Why is black history any more American than LGBT history? Another reason HRC needs to do it’s job.
@12 Yes HRC needs to do its job, but playing oppression Olympics won’t help the situation. At all. And btw, Congress doesn’t work on just one item at a time.
@12″Why is black history any more American than LGBT history?”
For starters gays were never literally enslaved. Also not to diminish the pain of gay bashing and murders of LGBT people but it does not compare at all to lychings and Jim Crow laws. I think the biggest part is that historically not many people cared about gays and even now many gay people can’t be identified right away like a black person can be.
I am all for helping racial and sexual minorities but please don’t compare the two issues too much. They are related but oh so different.
http://www.entertonement.com/clips/swxzm…
Lest anyone think this post a serious comment about America, I direct your attention to this story from Louisville in 2007:
In a nation with nearly 800 streets name…
And that’s from a place that had direct ties with him. I-65 in Jefferson County the “Dr. Martin Luther King Jr.

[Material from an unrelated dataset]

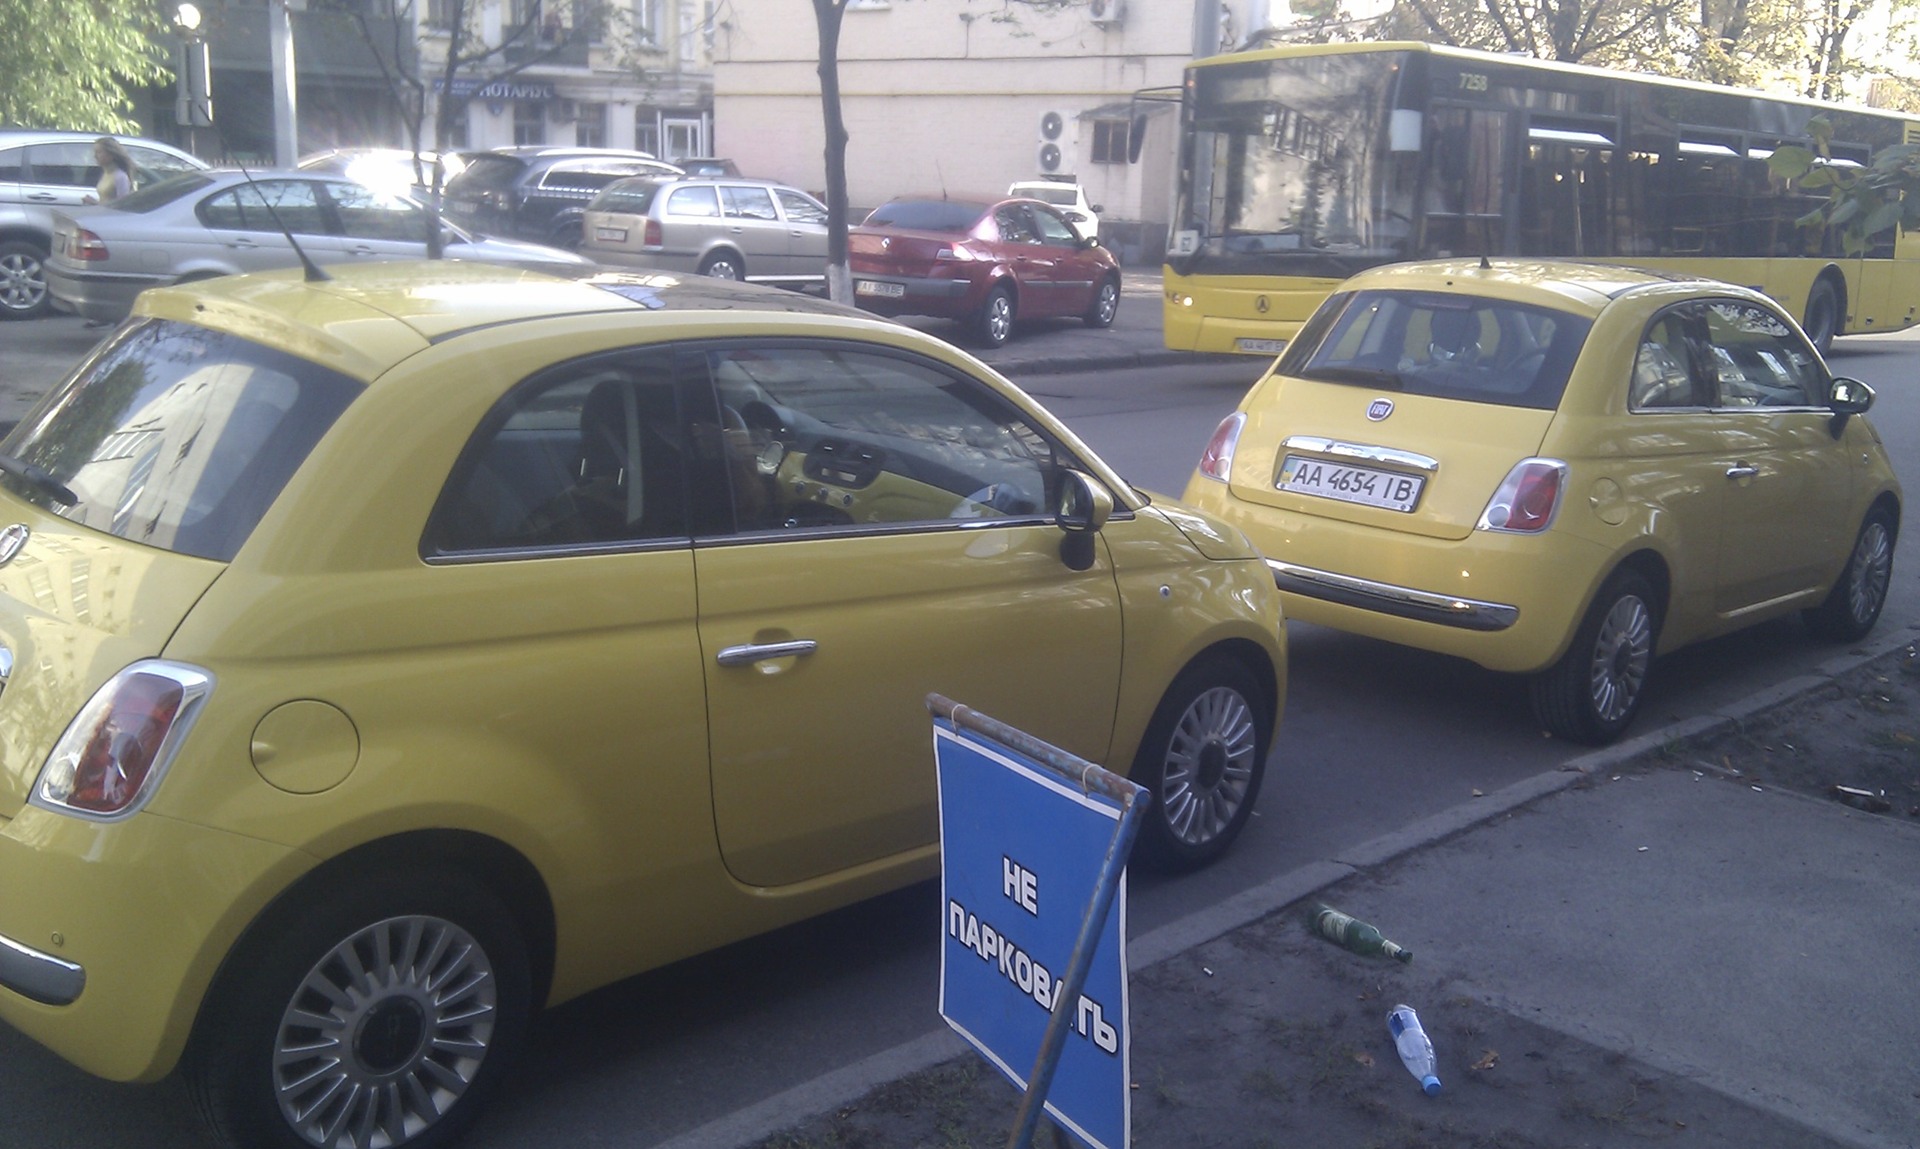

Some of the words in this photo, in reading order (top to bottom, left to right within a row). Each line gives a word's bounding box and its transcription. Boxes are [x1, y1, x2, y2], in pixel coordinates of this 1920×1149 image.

Expressway” but that’s just because it could be done at the state level
When they renamed a street for Muhammad Ali — who from Louisville — at least one business owner who opposed it remodelled his building so it opened to the other side so that his address didn’t have a black name.
2, 5, and 9:
It did happen. In Eugene and Springfield. Sometime in the last 10 years, Eugene changed the name of Centennial Blvd, which goes by UO’s football stadium. East of I-5, across the city line in Springfield, the street is still known as Centennial Blvd.
It was news. When it happened. It allowed everyone on both sides of the debate to reinforce their stereotyped prejudices about people on the other side. And then it faded.
I always thought the purpose of naming a street MLK was to make it easier for folks to avoid the worst part of town?
Hey, that’s my neighborhood post office. I never knew it was called “Piedmont”.
Okay, rewind, that was NOT meant as I now see that it sounds. That was not what was in my head as the words were typed. Thus the question to LC “They’re too busy working on one civil rights issue to take notice of another”?
My antagonism is solely directed at one individual alone and refers to comments in the DADT thread as well as many, many previous posts. My apologies for how this sounded but my intent was clear to me.
I fully expect to be shredded before I can get back to this post in several hours. Note to self, do not post when in a hurry.
In the words of MLK A right delayed is a right denied. That was what was going through my head as I typed the previous comment.
17 is right—it was Eugene/Springfield, Oregon. I just can’t find a free news link to it, only pay-for-view links. The year was 2003.